Glenn Alan Medeiros (born June 24, 1970) is an American former musician, singer, and songwriter who achieved chart success in the late 1980s and early 1990s.  He is best known on the national and international music scene for his 1987 global smash, "Nothing's Gonna Change My Love for You", and "She Ain't Worth It", a US chart-topper in 1990. He has remained regularly involved in the music industry in his home state of Hawaii (including several headliner and related musical variety shows in Waikiki) long after achieving global success decades ago.

After his musical career peaked, Medeiros taught and was vice-principal at the Maryknoll School, a parochial school in Honolulu, Hawaii, and as a professor at Chaminade University, a private Marianist university which shares its grounds with Saint Louis School. On July 1, 2015, Medeiros became the Head of School/Principal of Saint Louis School in Honolulu, and in 2017 its president/CEO.

Early life and education
Medeiros was born in Lihue, Hawaii and raised in Lawai. He's of Portuguese descent.

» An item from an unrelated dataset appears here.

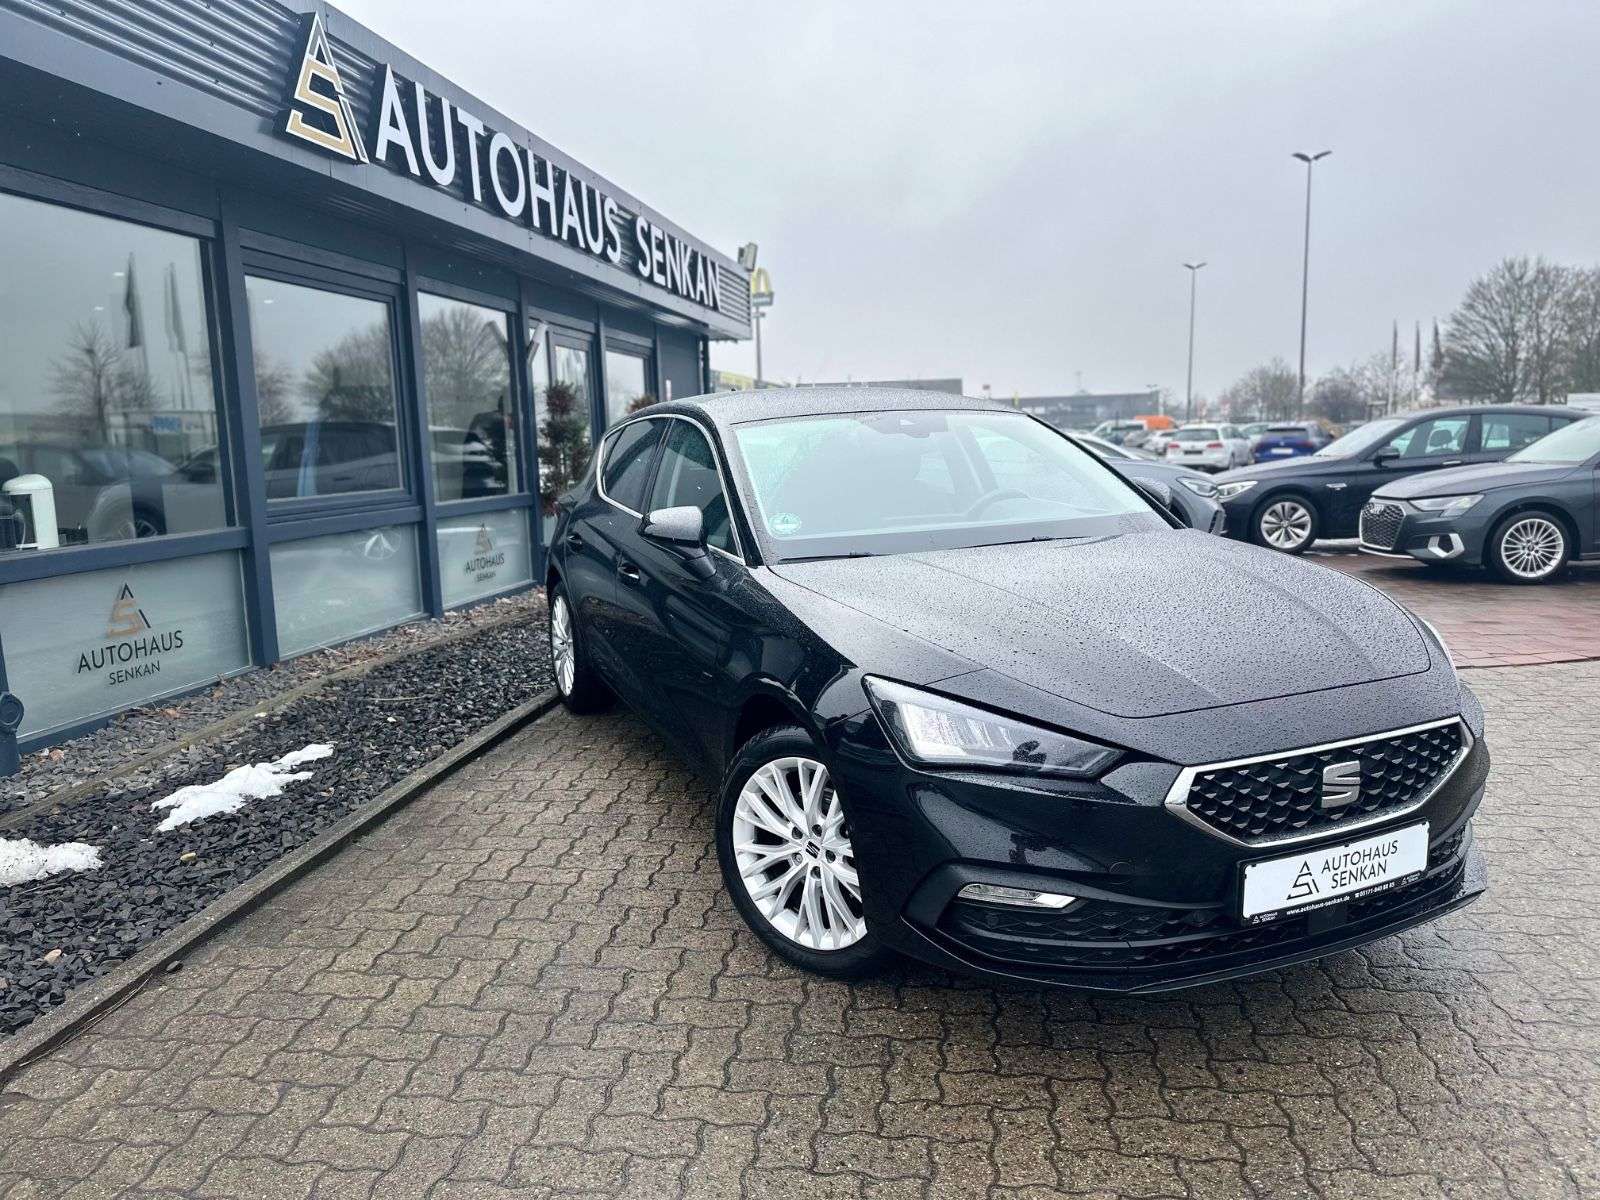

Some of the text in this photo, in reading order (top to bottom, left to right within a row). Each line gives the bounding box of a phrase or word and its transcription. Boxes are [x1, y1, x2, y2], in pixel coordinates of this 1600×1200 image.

Medeiros attended Leeward Community College and transferred to University of Hawaiʻi – West Oʻahu, where he received his bachelor's degree. He graduated from the University of Phoenix-Hawaii with an MA in elementary education.

In 2014, Medeiros received a doctorate degree in educational leadership from the University of Southern California.

Career

Music
Medeiros began his musical career at the age of 10 when he helped his father entertain guests on his tour bus on the island of Kauai.

In 1986, at the age of 16, Medeiros won Brown Bags to Stardom, a local radio talent contest in Hawaii, when he performed a cover version of George Benson's "Nothing's Gonna Change My Love for You" which was subsequently produced into an album by a small local independent label. A visiting radio executive, Guy Zapoleon, from KZZP in Phoenix, Arizona heard the song and took the record back to Phoenix, where, through word of mouth, it became a national hit. Later, a worldwide hit, it reached #12 on the Billboard Hot 100 and spent four weeks at number one on the UK Singles Chart in July 1988.  It reached #3 on Billboard's Adult Contemporary chart.

In 1988, he recorded the single "Un roman d'amitié (Friend You Give Me a Reason)", a duet in French and English with Elsa Lunghini that reached #1 in France for three weeks. He also achieved a 1990 United States #1 hit duet with Bobby Brown titled "She Ain't Worth It". The same track peaked at #12 in the UK Singles Chart. He had another hit duet with Ray Parker Jr. titled "All I'm Missing Is You" which peaked at #32 in the US.

In 1989, Medeiros recorded "Under Any Moon" with The Jets, which was included on the soundtrack of The Karate Kid Part III in which he made an appearance in the movie singing. In 1991, Medeiros did a song called "If Looks Could Kill (No Turning Back)" for the spy action/comedy film If Looks Could Kill starring Richard Grieco, which is the title song of the movie on the soundtrack. In 1992 Medeiros recorded a duet with Thomas Anders (of Modern Talking fame) titled "Standing Alone" and shot a video.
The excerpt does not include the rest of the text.